Work to be completed: All lines after the one containing "Some of the words" are needed, along with that line itself. Please repeat them exactly through the end of the entries.

Listed entries:
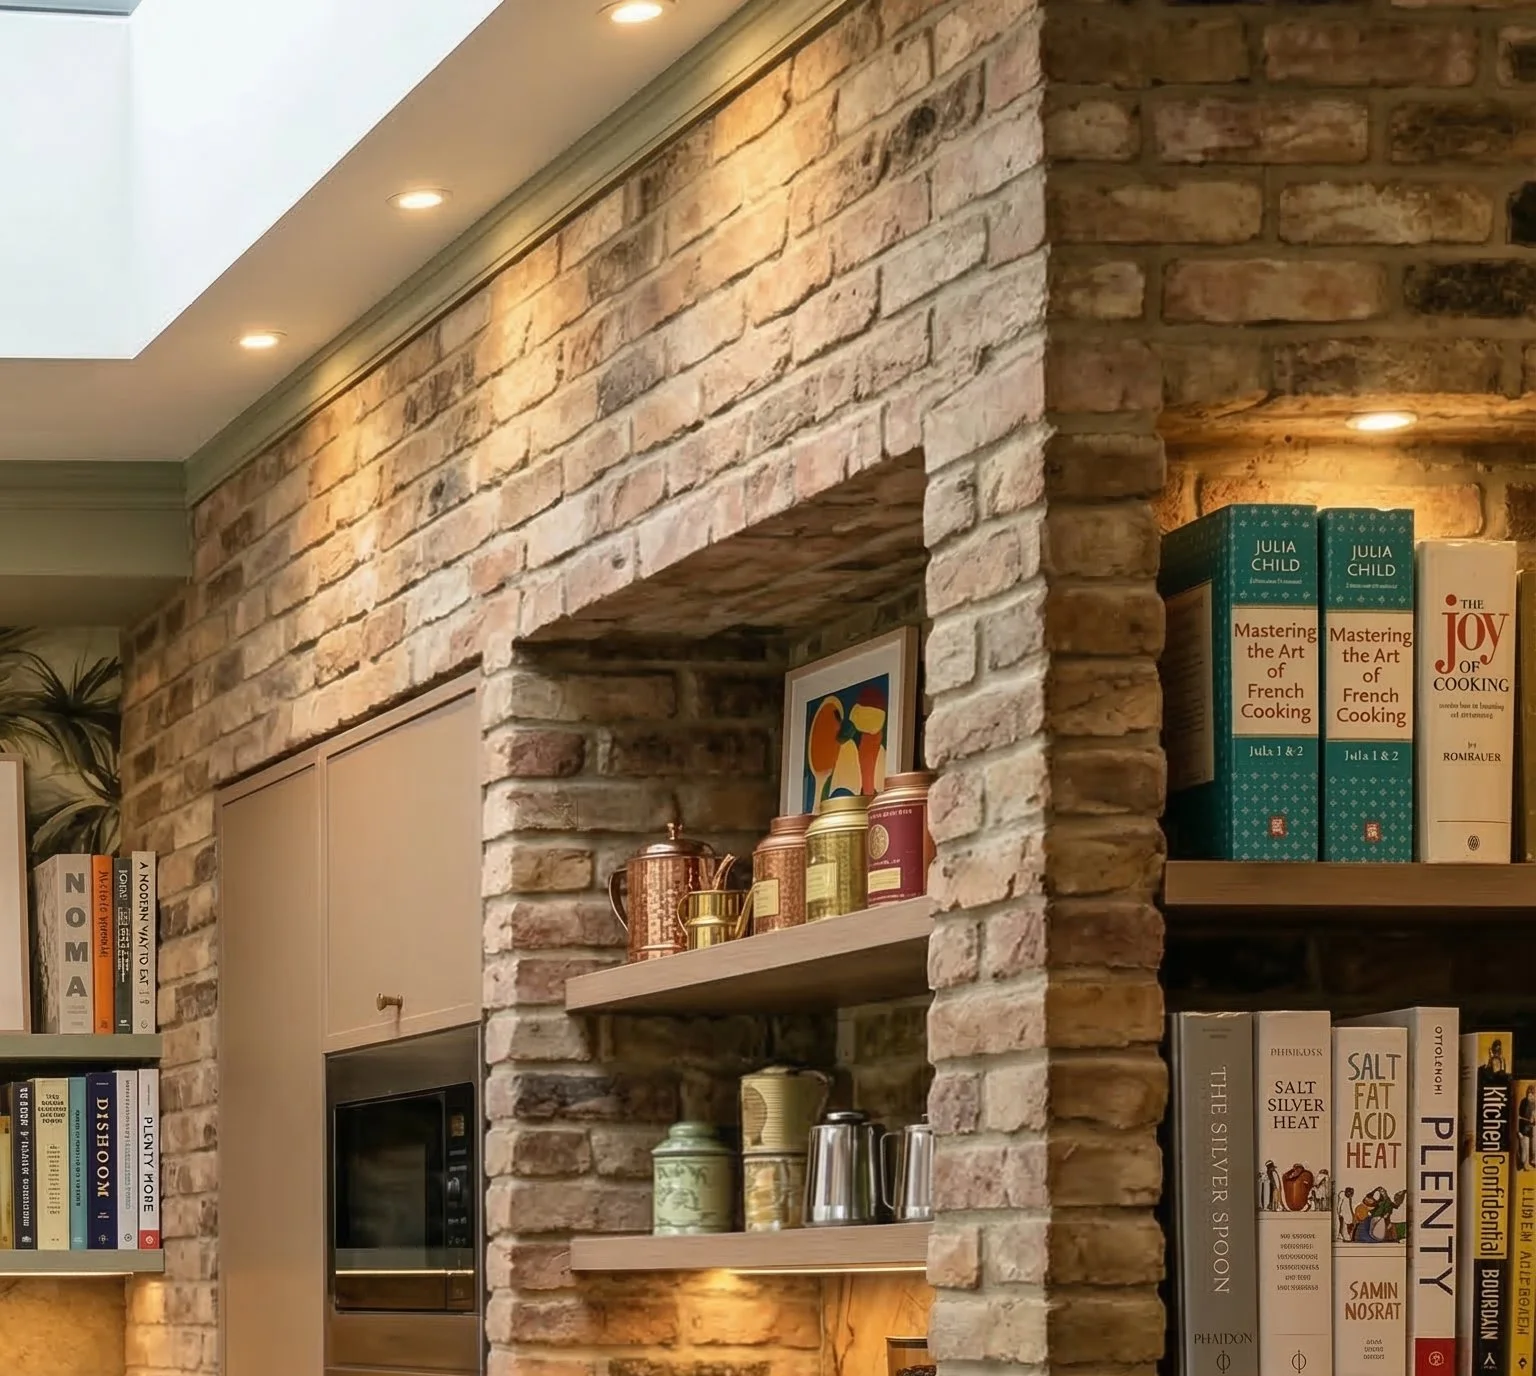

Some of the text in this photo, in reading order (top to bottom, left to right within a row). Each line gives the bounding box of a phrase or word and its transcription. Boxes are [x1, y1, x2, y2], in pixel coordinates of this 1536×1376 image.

[1255, 540, 1296, 554] JULIA
[1351, 545, 1393, 560] JULIA
[1251, 557, 1300, 572] CHILD
[1347, 562, 1396, 577] CHILD
[1459, 599, 1484, 610] THE
[1234, 623, 1317, 643] Mastering
[1329, 628, 1413, 648] Mastering
[1247, 644, 1305, 660] the Art
[1342, 649, 1401, 664] the Art
[1267, 663, 1286, 678] of
[1362, 667, 1381, 683] of
[1460, 660, 1481, 674] OF
[1247, 683, 1305, 699] French
[1433, 677, 1509, 693] COOKING
[1343, 688, 1399, 703] French
[1241, 703, 1311, 724] Cooking
[1336, 708, 1407, 728] Cooking
[1277, 746, 1281, 757] 1
[1285, 746, 1295, 757] &
[1297, 746, 1304, 756] 2
[1381, 751, 1390, 761] &
[1392, 751, 1399, 761] 2
[139, 862, 148, 870] A
[65, 872, 89, 998] NOMA
[138, 925, 149, 950] WAY
[139, 952, 149, 965] TO
[139, 969, 149, 986] EAT
[1347, 1053, 1402, 1081] SALT
[1275, 1081, 1317, 1095] SALT
[1354, 1082, 1395, 1110] FAT
[1267, 1098, 1325, 1112] SILVER
[1273, 1115, 1320, 1130] HEAT
[1350, 1112, 1397, 1140] ACID
[96, 1097, 110, 1197] DISHOOM
[143, 1116, 154, 1168] PLENTY
[1346, 1142, 1402, 1169] HEAT
[1480, 1086, 1507, 1257] Kitchen Confidential
[1211, 1066, 1230, 1294] THE SILVER SPOON
[1418, 1117, 1455, 1296] PLENTY
[1349, 1280, 1399, 1301] SAMIN
[1345, 1302, 1402, 1321] NOSRAT
[1480, 1269, 1500, 1341] BOURDAIN
[1193, 1333, 1253, 1345] PHAIDON
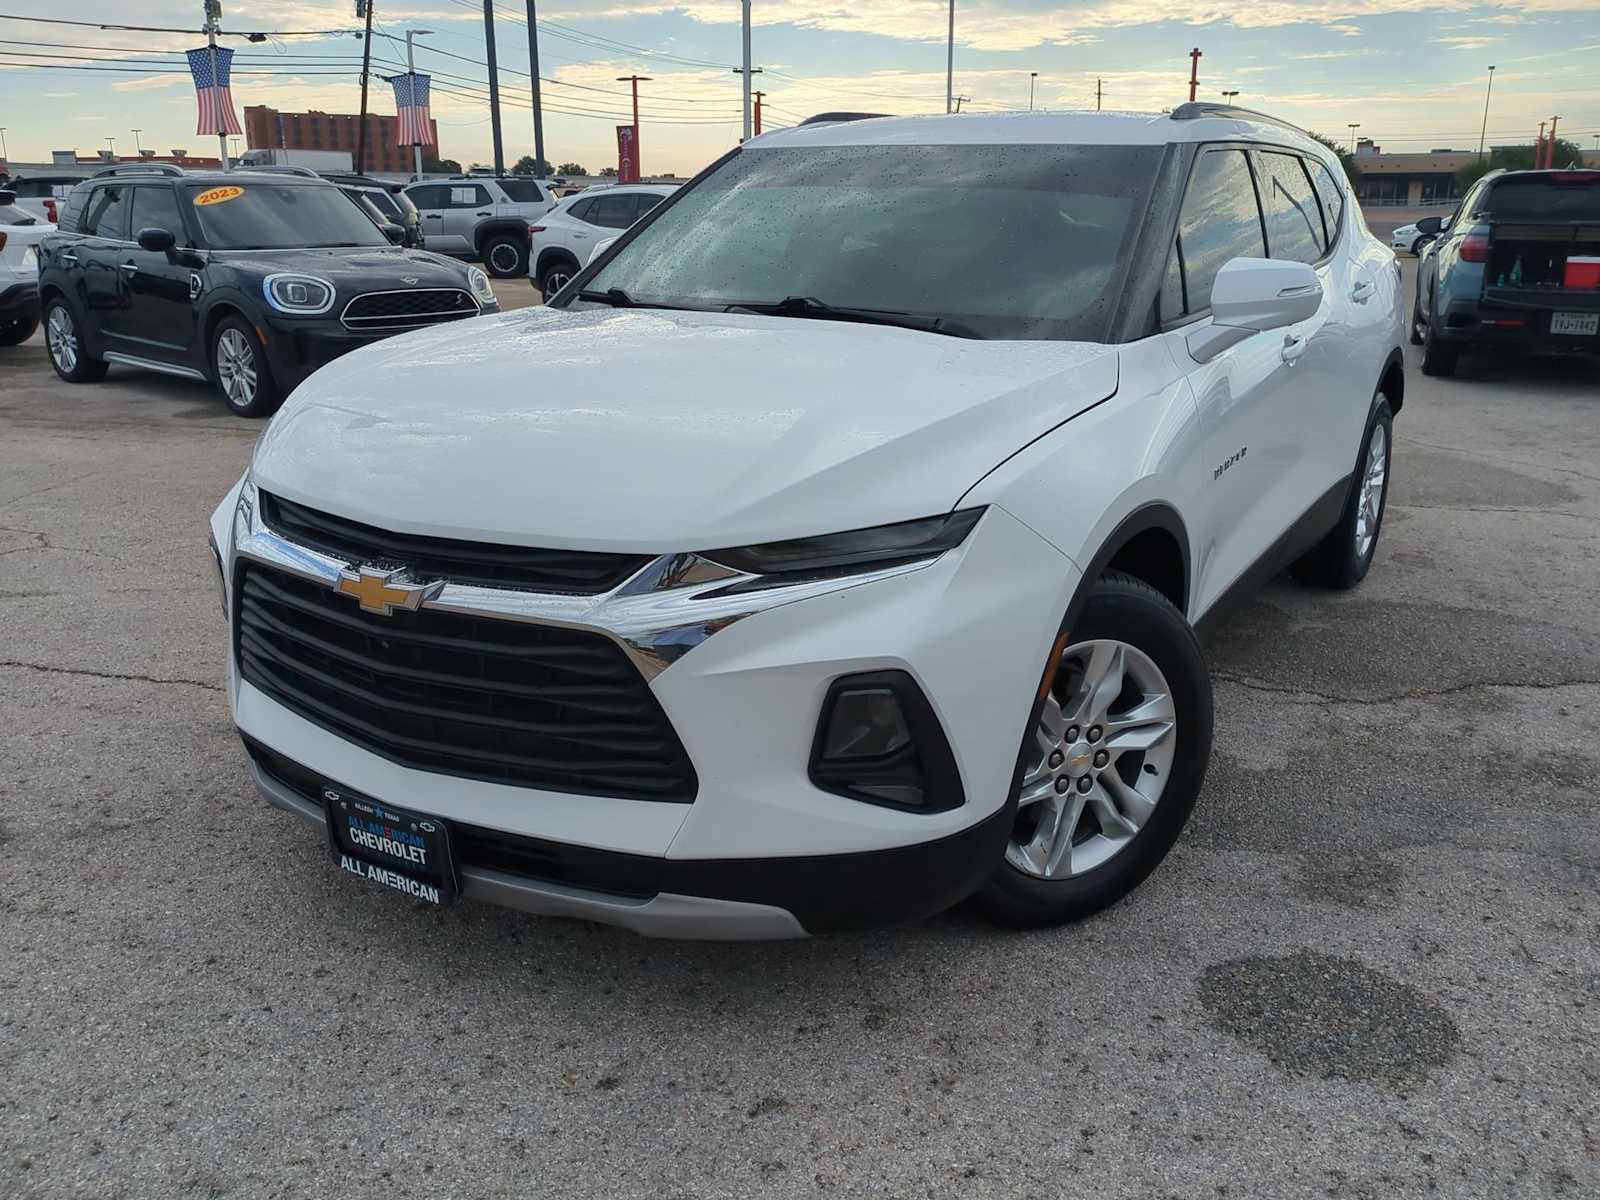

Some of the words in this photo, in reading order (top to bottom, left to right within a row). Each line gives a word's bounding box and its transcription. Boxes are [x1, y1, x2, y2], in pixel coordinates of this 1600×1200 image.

[199, 187, 240, 204] 2023
[348, 815, 365, 831] ALL
[368, 821, 425, 848] AMERICAN
[349, 826, 427, 865] CHEVROLET
[341, 855, 365, 876] ALL
[367, 866, 439, 904] AMERICAN

Result for this task:
Some of the words in this photo, in reading order (top to bottom, left to right within a row). Each line gives a word's bounding box and its transcription. Boxes are [x1, y1, x2, y2], in pixel coordinates of this 1600×1200 image.

[199, 187, 240, 204] 2023
[348, 815, 365, 831] ALL
[368, 821, 425, 848] AMERICAN
[349, 826, 427, 865] CHEVROLET
[341, 855, 365, 876] ALL
[367, 866, 439, 904] AMERICAN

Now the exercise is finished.